Calibration of SMP 1. The above-described general procedure was performed in the absence of reaction mixtures [or individual blockers as described in Dissociation Constants (KD Values) of Substrate/Product Blockers]. The concentration of blocker-free SMP 1 was adjusted to cause nearly complete CF efflux (compared with lysis by Triton X-100) within ≈150 sec (Fig. 5A, a). Calibration using Eq. 1 gave the IMAX required for data analysis.
Special Cases. All enzymes listed in Table 1 and Fig. 4 were studied following this general procedure by using initial substrate concentrations c of ≈100 to 1,000 × and the following exceptions: (i) YE = [I(t=0) – I(t)]/[I(t=0) – I t=∞)] for product blockage (Fig. 4 A and F) and (ii) SMP 2 and EYPC-LUVs ⊃ [8-amino-1,3,6-trisulfonate (ANTS)/p-xylenebis(pyrimidinium)bromide (DPX)] for cationic substrates (Fig. 4L). Sensing with SMP 2 and specific conditions for each enzyme detected with SMP 1 are reported in Supporting Text.
Results and Discussion
To detect enzyme activity with SMPs by using fluorometric real-time detection, enzymes and substrates are incubated under appropriate conditions. After a given period, an aliquot of the reaction mixture is removed and added to vesicles containing entrapped CF. Then, the pore sensor is added, and CF release is determined and compared with CF release at the beginning of the reaction (e.g., Fig. 5C, b versus a). This procedure (i.e., removal of an aliquot of reaction mixture, addition to CF-loaded vesicles followed by addition of the SMP, and determination of CF release) is repeated in meaningful intervals as the reaction proceeds (e.g., Fig. 5C,b–f). The individual experiments are then summarized and plotted as fractional pore blockage YE as a function of reaction time t. The obtained YE – t profile reveals enzyme activity as increasing (for product blockers) or decreasing (for substrate blockers) pore blockage with time (e.g., Fig. 4B). To apply this method to a given enzyme, the ability of all involved compounds to block the pore sensor must be determined first. Then, concentrations must be adjusted to assure detectability of consumption/production of the best substrate/product blocker involved. In the following, this calibration process is described in detail by using DNA exonuclease III as an example.

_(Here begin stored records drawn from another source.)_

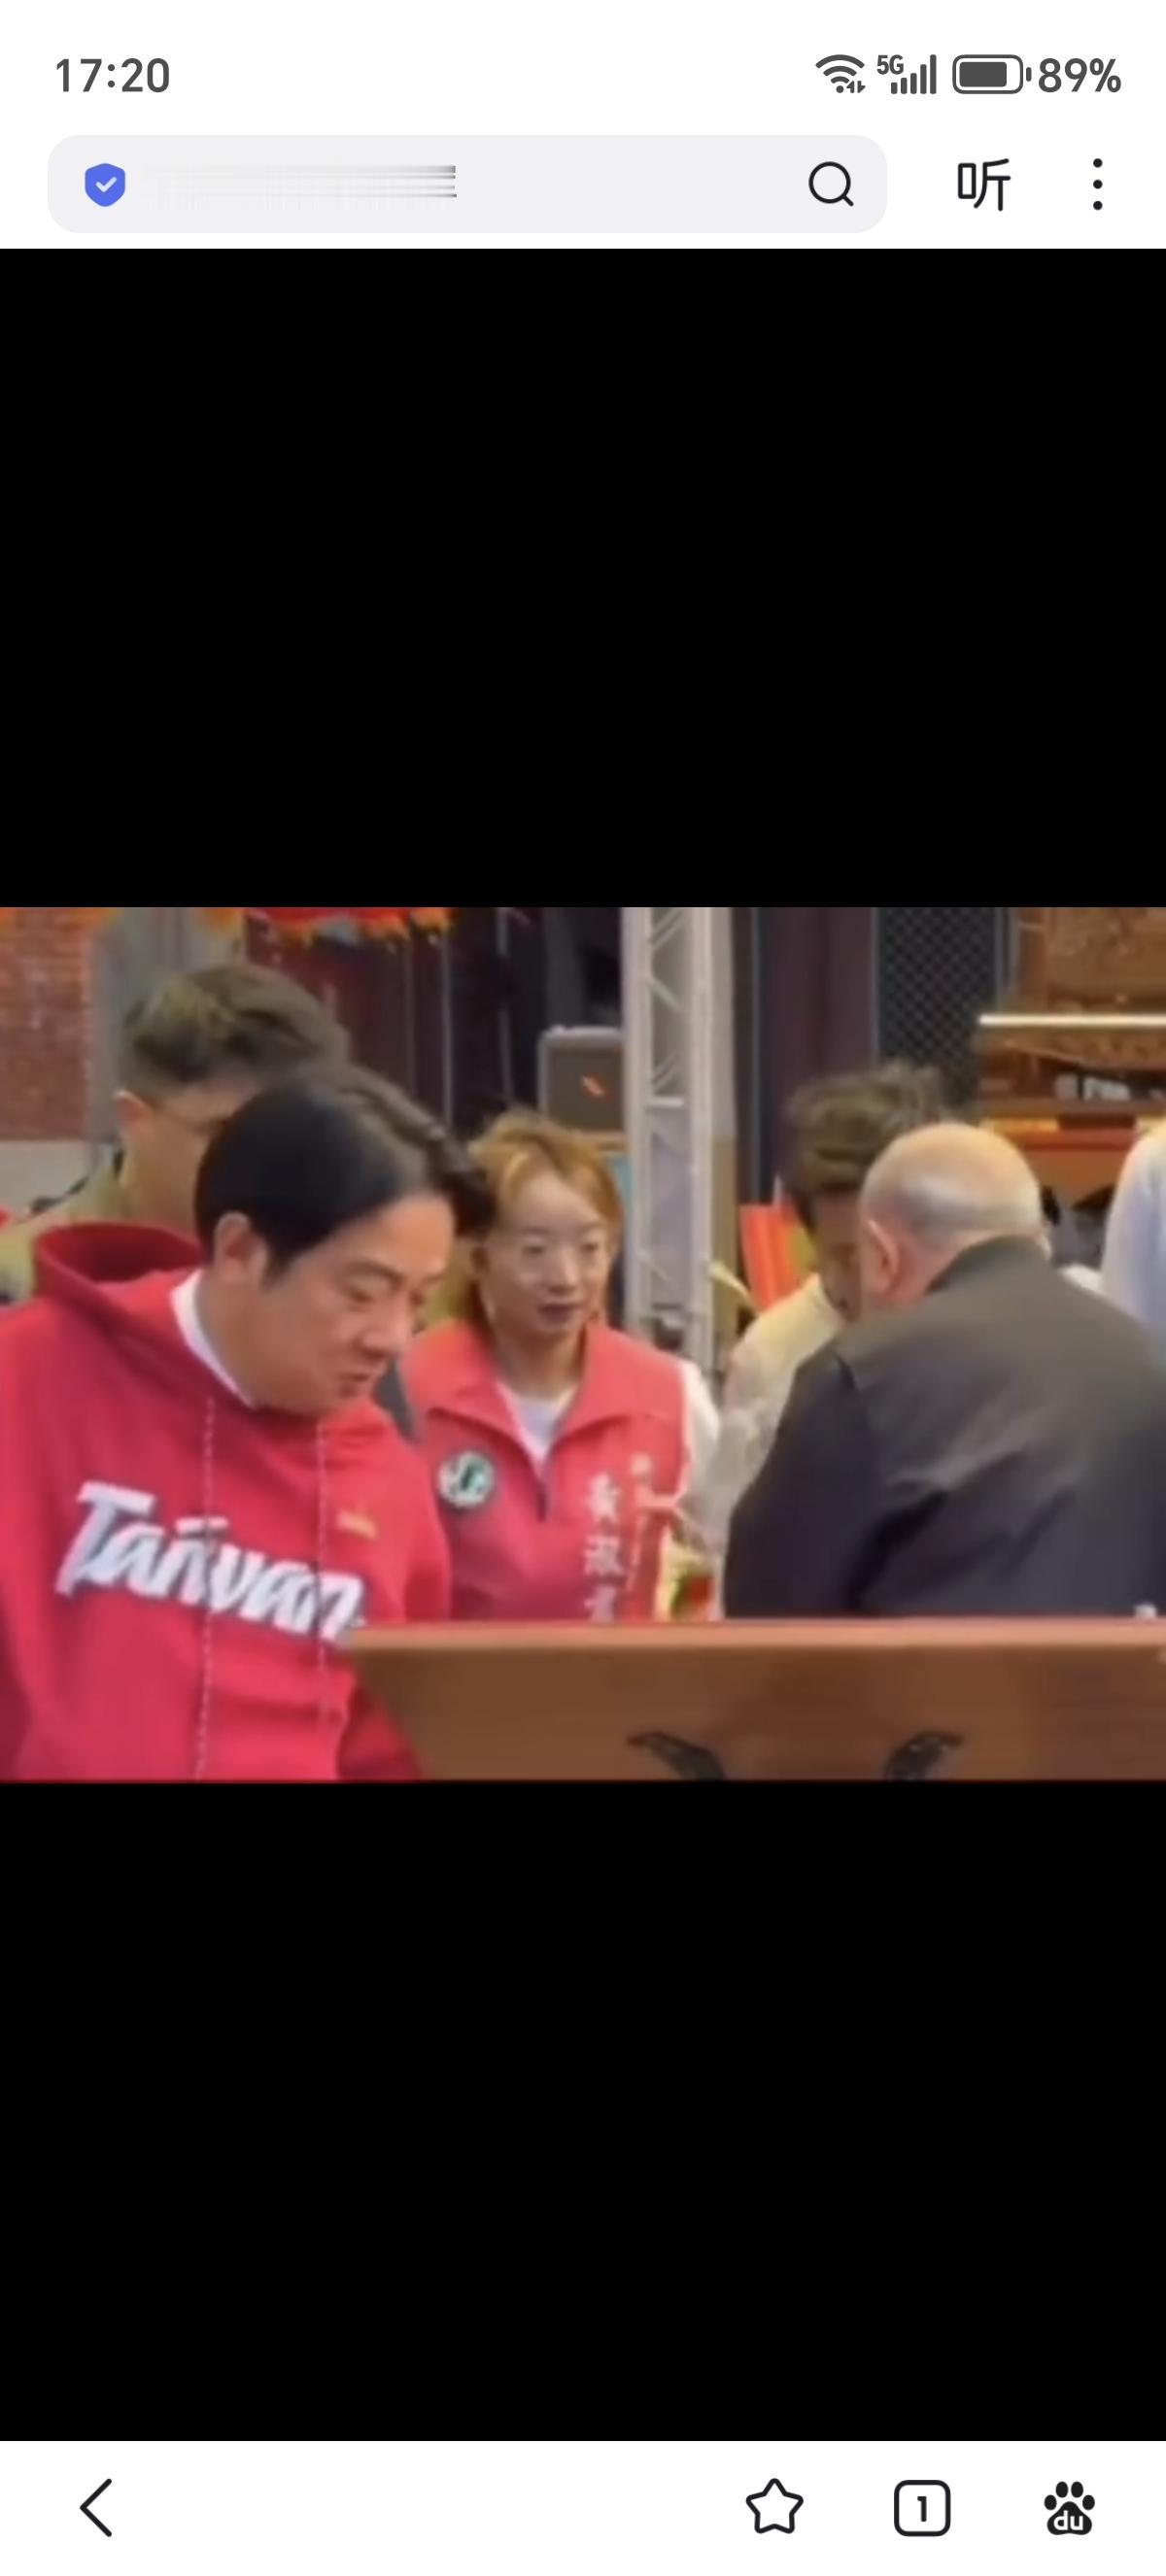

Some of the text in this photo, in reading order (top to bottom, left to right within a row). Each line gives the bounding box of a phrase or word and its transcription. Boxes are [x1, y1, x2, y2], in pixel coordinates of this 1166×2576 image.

[56, 57, 170, 93] 17:20
[876, 54, 905, 76] 5G
[1038, 57, 1122, 93] 89%
[957, 157, 1012, 212] 听
[916, 2495, 927, 2523] 1
[1053, 2509, 1084, 2531] du

DNA exonuclease III catalyzes the sequential hydrolysis from the 3′ terminus of duplex DNA into nucleotide 5′-monophosphates (Table 1) (17–19). The [poly(dA,dT)]2 is widely used as a model substrate of exonuclease III. Because of its alternating, repeating sequence, duplex [poly(dA,dT)]2 remains double-stranded even after extensive degradation and hydrolysis by exonuclease III continues almost to completion (17).

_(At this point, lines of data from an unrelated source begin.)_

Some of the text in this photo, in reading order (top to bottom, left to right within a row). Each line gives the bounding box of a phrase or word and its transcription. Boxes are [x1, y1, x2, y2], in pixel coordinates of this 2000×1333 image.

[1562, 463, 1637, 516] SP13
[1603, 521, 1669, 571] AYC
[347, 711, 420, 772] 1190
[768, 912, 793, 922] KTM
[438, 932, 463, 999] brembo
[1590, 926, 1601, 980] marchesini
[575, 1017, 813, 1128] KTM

To detect DNA exonuclease III with SMP 1, the same pore must recognize either substrate [poly(dA,dT)]2 or the products 2′-deoxyadenosine 5′-monophosphate (5′-dAMP) and 2′-deoxythymidine 5′-monophosphate (5′-dTMP). To characterize this supramolecular host–guest chemistry quantitatively, LUVs composed of EYPC were loaded with CF (Fig. 3). CF efflux from EYPC-LUVs ⊃ CF through SMP 1 was easily detectable as an increase in CF emission after pore addition (Fig. 5A, a). Negligible CF efflux was observed without pore. The presence of increasing concentrations of [poly(dA,dT)]2 reduced CF efflux mediated by pore 1 (Fig. 5A, b–g). A plot of blocker concentration as a function of the fractional blockage Y of tetramer 1 gave the dose–response isotherm for [poly(dA,dT)]2 (Fig. 5B, filled circles). Hill analysis of this isotherm yielded a global dissociation constant KD = 185 pM (Table 1, entry 1). Recognition of picomolar concentrations of substrate [poly(dA,dT)]2 implied superb sensitivity S for the detection of DNA exonuclease III with sensor 1 (Table 1). In an unoptimized multiwell end-point assay with a sample volume of 100 μl (1), for example, the detection limit was calculated to ≈19 fmol of [poly(dA,dT)]2.
Application of the same protocol to exonuclease products revealed 107 times poorer affinity of dAMP and dTMP to pore 1 (Fig. 5B, squares). To determine the selectivity requirement SR for SMP 1 to detect [poly(dA,dT)]2 hydrolysis, a KD(MONO) = 2.3 μM per monomer was calculated for supramacromolecule [poly(dA,dT)]2 (Fig. 5B, open circles). Comparison of this value with the KD values of the products revealed SR ≈ 0.002. This selectivity requirement SR ≪ 1 corroborated that differentiation of substrate and products of DNA exonuclease III by SMP 1 would be unproblematic and that enzymatic activity would be detectable as enzyme-gated pore opening (Figs. 2 A and 3).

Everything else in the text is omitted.